Hi everyone, this is CJ,
I just want to get the word out that I’ll be presenting next week at the American Music Therapy Association national conference. My session is entitled “Presuming Competence in our Clients” and I’ll be co-presenting with Dr. Blythe LaGasse and Casey DePriest, MT-BC on Friday, Nov. 7th from 2-3:30pm.
Dr. LaGasse is associate professor of music therapy at Colorado State University. She was my co-author in a paper that was published earlier this year “Sensory Friendly Concerts: A Community Music Therapy Initiative to Promote Neurodiversity.” We have been developing a 10 credit continuing education course on her website mtned.com (Music Therapy and Neuro Ed) which will launch on Nov.15th. This course is not only open to music therapists but to ANYONE, especially community musicians and self-advocates who are interested in bringing SFCs to their own community. Dr. LaGasse has just announced an exciting new research initiative she is spearheading at CSU. You can see more about it here. This research PRESUMES COMPETENCE in study participants who are on the spectrum and seeks to provide evidence in their motor differences which are so commonly and wrongly labeled as “social deficits.” It is hoped that this research will help to prove the validity of Facilitated Communication because of the differences between people’s motor movements.
Casey DePriest, MT-BC has been an equally important friend and colleague to me this year.

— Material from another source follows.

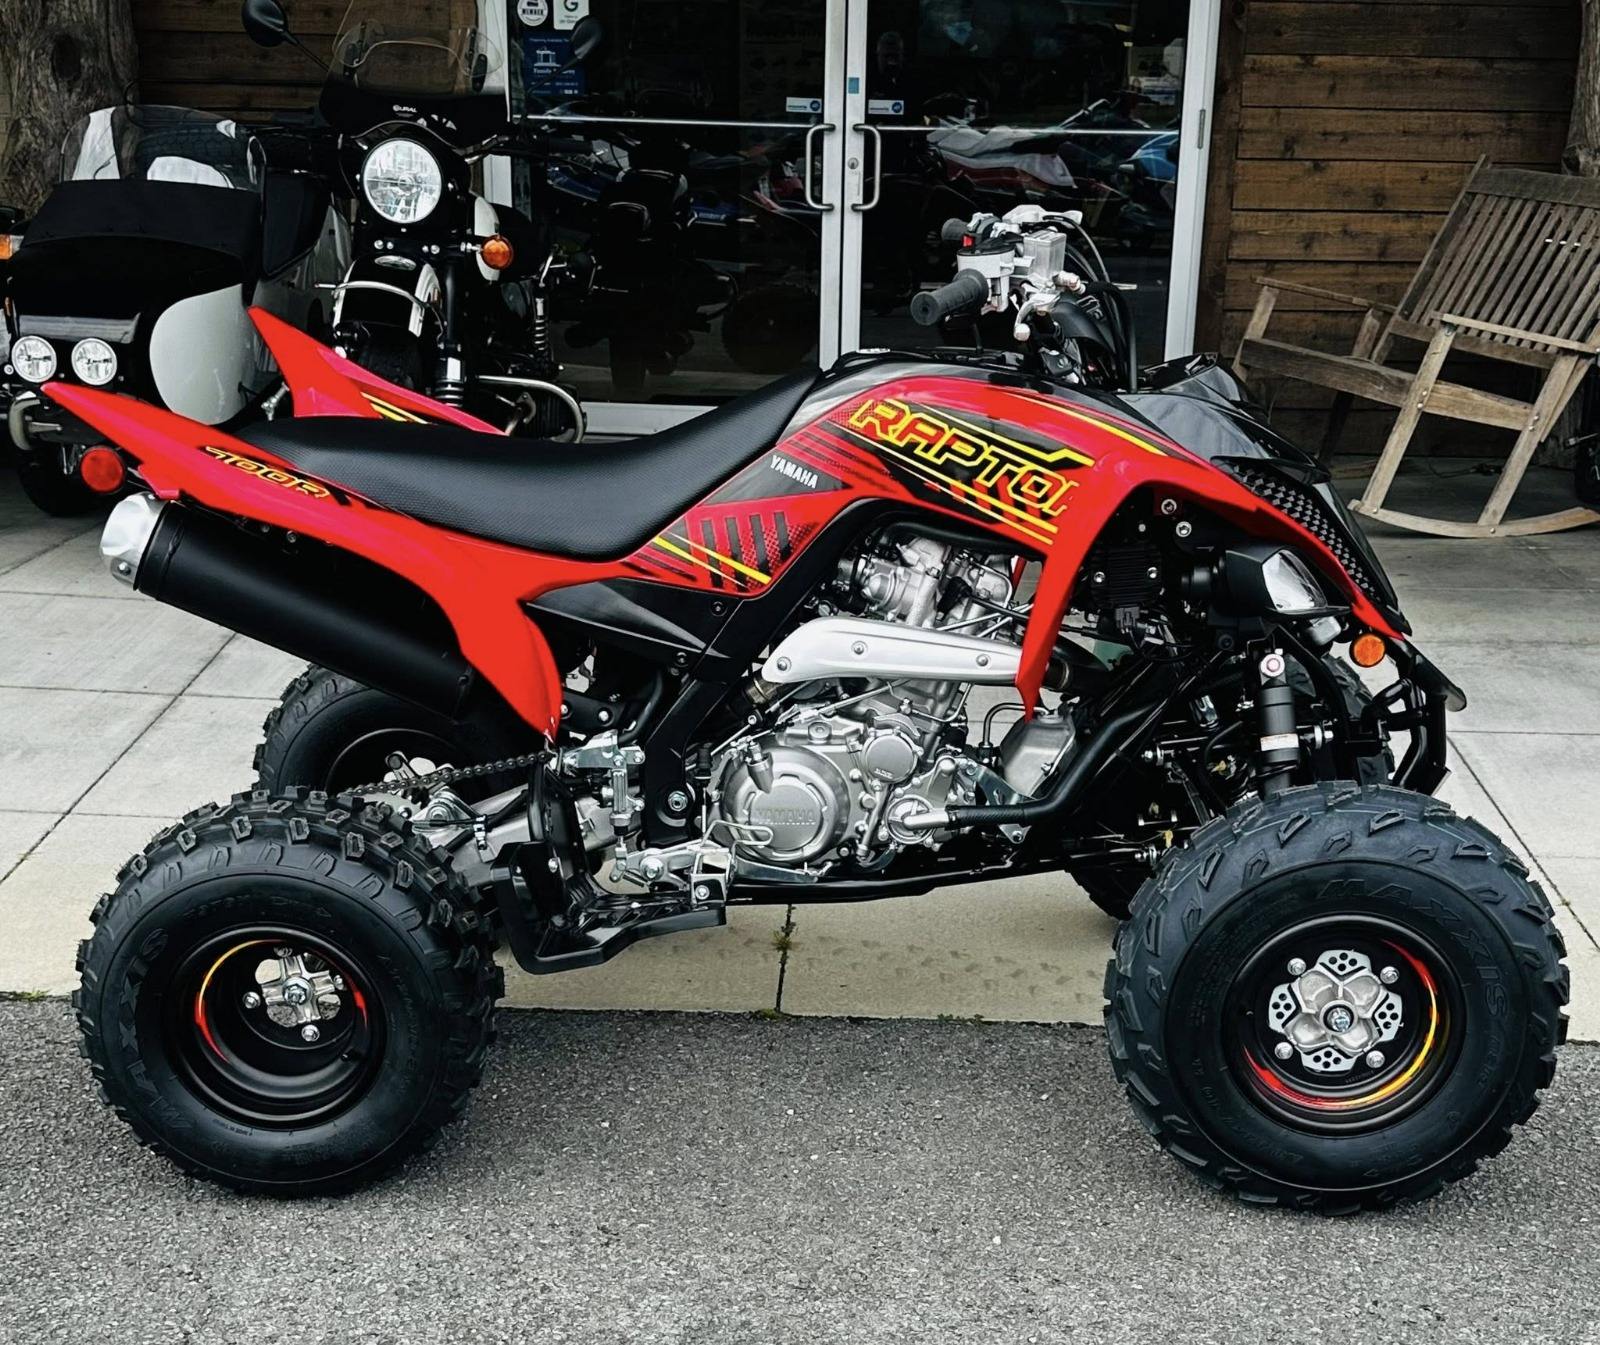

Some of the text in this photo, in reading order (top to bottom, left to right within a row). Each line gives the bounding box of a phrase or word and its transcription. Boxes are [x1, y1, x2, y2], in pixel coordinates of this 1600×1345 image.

She started an INCREDIBLE school called ACCESS Academy in Evansville, Indiana. This is a school where every student is PRESUMED COMPETENT no matter what their motor or communication challenges might be. ACCESS (Assuming Competence Can Ensure Student Success) students use Facilitated Communication and are taught at grade level. They continue to impress everyone around them with their insights and intellect, after years of being in the public school system and having zero access to the curriculum of their peers. You should check out the ACCESS Academy FB fanpage to stay in touch with the revolutionary work that is happening there. I was able to spend time with Casey last July when we both attended the FC Summer Institute at Syracuse University.
I am also thrilled about the opportunity to receive training in Neurologic Music Therapy next week at the conference. My attendance at this 4-day pre-conference institute has been generously paid by Hussman Institute, so that I will have the specialized skills required to provide music therapy services in the program they are currently developing. I’m very much looking forward to sharing more about this in the coming months!
If you are attending the conference, and you are interested in bringing Sensory Friendly Concerts to your community, please let me know. I’d like to buy you a cup of coffee and chat more about it!
Hope to see you there!
I can’t wait! I’m currently doing some research on Sensory Friendly Concerts for a graduate seminar class at the University of Iowa! Just finished reading the article you and LaGasse published. I will definitely attend your presentation! You may not get this comment though since you’re probably at the NMT training!
Glad you enjoyed the article!! Did you attend our presentation, “Presuming Competence in our Clients”? I somehow missed this comment and now almost two years later finally getting in a reply!
I did! It was great! I ended up writing two research papers about it!